(Dataset excerpts)
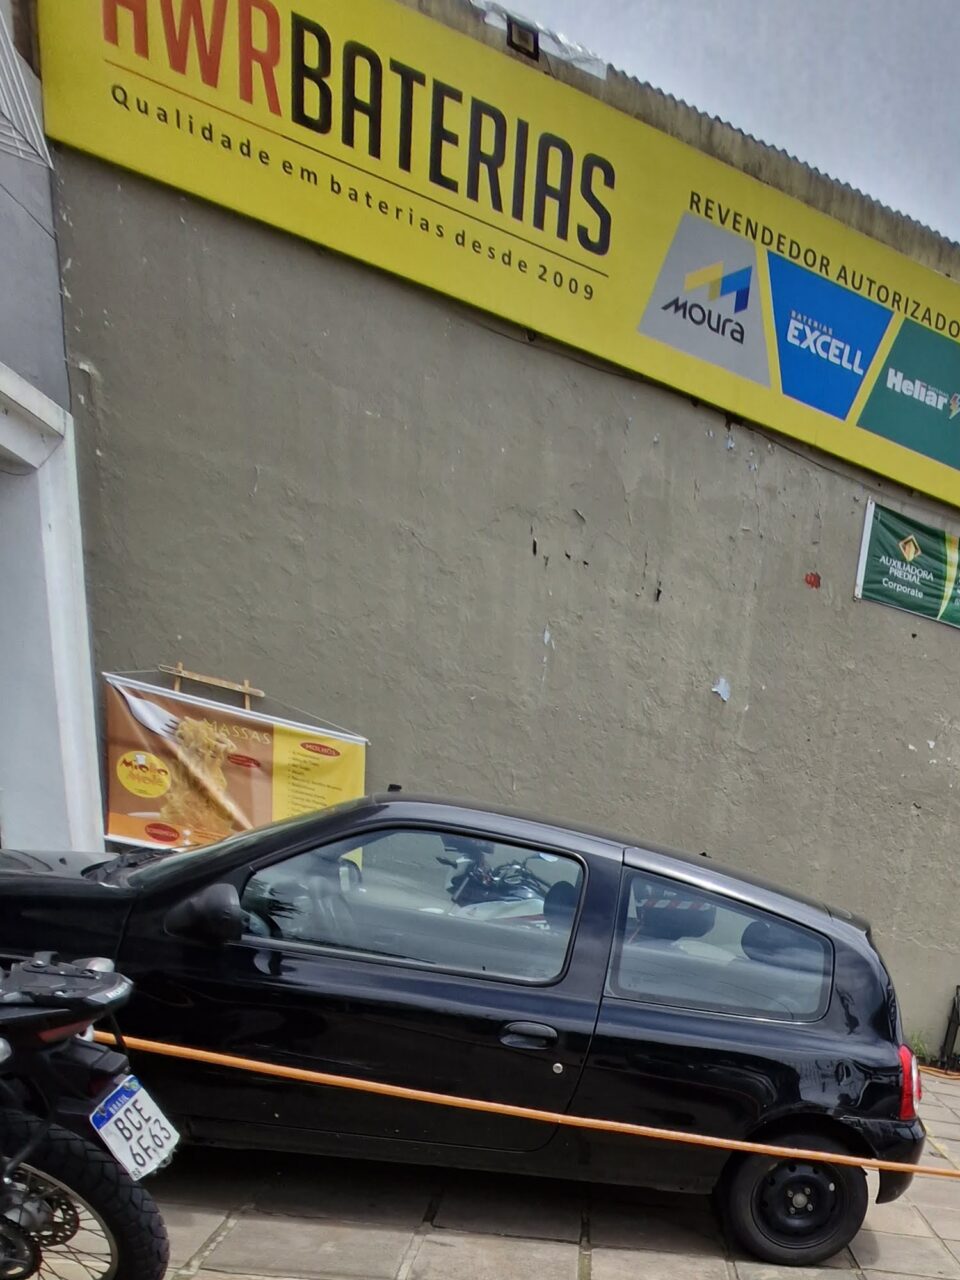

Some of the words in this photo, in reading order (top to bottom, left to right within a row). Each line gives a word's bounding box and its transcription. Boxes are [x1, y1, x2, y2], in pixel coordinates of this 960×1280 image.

[110, 84, 270, 166] Qualidade
[282, 157, 318, 186] em
[330, 174, 444, 238] baterias
[455, 229, 528, 273] desde
[537, 264, 594, 301] 2009
[689, 190, 830, 276] REVENDEDOR
[791, 310, 833, 335] BATERIAS
[786, 318, 864, 376] EXCELL
[886, 367, 949, 411] Heliar
[879, 555, 934, 581] AUXILIADORA
[882, 578, 923, 598] Corporate
[889, 568, 921, 585] PREDIAL
[108, 1094, 130, 1116] BRASIL
[113, 1099, 151, 1142] BCE
[129, 1118, 171, 1168] 6F63

(Required action) Return every record exactly, leaving out the pictures.

(Written answer)
Some of the words in this photo, in reading order (top to bottom, left to right within a row). Each line gives a word's bounding box and its transcription. Boxes are [x1, y1, x2, y2], in pixel coordinates of this 960×1280 image.

[110, 84, 270, 166] Qualidade
[282, 157, 318, 186] em
[330, 174, 444, 238] baterias
[455, 229, 528, 273] desde
[537, 264, 594, 301] 2009
[689, 190, 830, 276] REVENDEDOR
[791, 310, 833, 335] BATERIAS
[786, 318, 864, 376] EXCELL
[886, 367, 949, 411] Heliar
[879, 555, 934, 581] AUXILIADORA
[882, 578, 923, 598] Corporate
[889, 568, 921, 585] PREDIAL
[108, 1094, 130, 1116] BRASIL
[113, 1099, 151, 1142] BCE
[129, 1118, 171, 1168] 6F63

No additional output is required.